Krishan Iyer J in Mohinder Singh Gill v. Chief Election Commissioner was of the view that every step from start to finish or the total process constitutes election, not merely the conclusion of culmination. The rainbow of operations, covered by the compendious expression ‘election’ thus commences from the initial notification and culminates in the declaration of the return of a candidate . There cannot be two views or doubts about the fact that ‘free and fair elections’ are a basic postulate of a free democratic society. The Supreme Court has observed:
“Democracy is government by the people. It is a continual participative operation, not a cataclysmic, periodic exercise. The little man, in his multitude, making his vote at the poll does a social audit of his Parliament plus political choice of his proxy. Although the full flower of participative government rarely blossoms, the minimum credential of popular government is appeal to the people after every term for a renewal of confidence. So we have adult franchise and general elections as constitutional compulsions.”

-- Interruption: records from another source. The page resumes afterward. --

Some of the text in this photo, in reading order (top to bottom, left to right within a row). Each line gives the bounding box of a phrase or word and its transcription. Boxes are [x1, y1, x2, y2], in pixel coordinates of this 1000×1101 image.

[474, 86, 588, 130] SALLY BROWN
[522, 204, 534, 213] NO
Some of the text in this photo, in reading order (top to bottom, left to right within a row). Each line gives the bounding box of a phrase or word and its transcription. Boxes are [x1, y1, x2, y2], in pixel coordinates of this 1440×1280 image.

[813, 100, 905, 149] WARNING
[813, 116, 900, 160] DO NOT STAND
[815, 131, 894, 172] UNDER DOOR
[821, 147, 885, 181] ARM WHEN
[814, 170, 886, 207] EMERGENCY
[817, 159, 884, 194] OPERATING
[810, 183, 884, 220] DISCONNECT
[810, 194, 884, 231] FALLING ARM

The inseparability and the inter-relation between elections and democracy has been succinctly stated by the apex court in the following words:
“the concept of democracy as visualized by the Constitution presupposes the representation of the people in Parliament and State legislatures by the method of election. ” Hence a true, independent and liberal democracy cherishes free, fair and impartial elections because it is through them that true democracy is born.

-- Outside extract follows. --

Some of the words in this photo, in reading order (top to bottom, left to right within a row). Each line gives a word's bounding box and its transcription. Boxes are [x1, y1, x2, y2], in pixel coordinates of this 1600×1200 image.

II. Bar to interference under ConstitutionIt is of the essence of the functioning of a democracy that election to public offices must be open to the scrutiny of an independent tribunal. Constitution visualizes the resolution of election disputes by judicial process by ascertaining the facts relating to the election and applying the law . The Supreme Court in V.S. Achuthanandan v. P.J. Francis held that free, fair, fearless and impartial elections are the guarantee of a democratic polity. Effective mechanism is the basic requirement for having such election. For conducting, holding and completing the democratic process, a potential law based upon requirements of the society is concededly of paramount importance. A balanced judicial approach in implementing the laws relating to franchise is the mandate of this court.
Before examining the matter of jurisdiction it shall be of relevance to refer to Article 329 of the Constitution which reads:
“329. Bar to interference by courts in electoral matters.- Notwithstanding anything in this Constitution
(b) no election to either House of Parliament or to the House or either House of the Legislature of a State shall be called in question except by an election petition presented to such authority and in such manner as may be provided for by or under any law made by the appropriate Legislature.”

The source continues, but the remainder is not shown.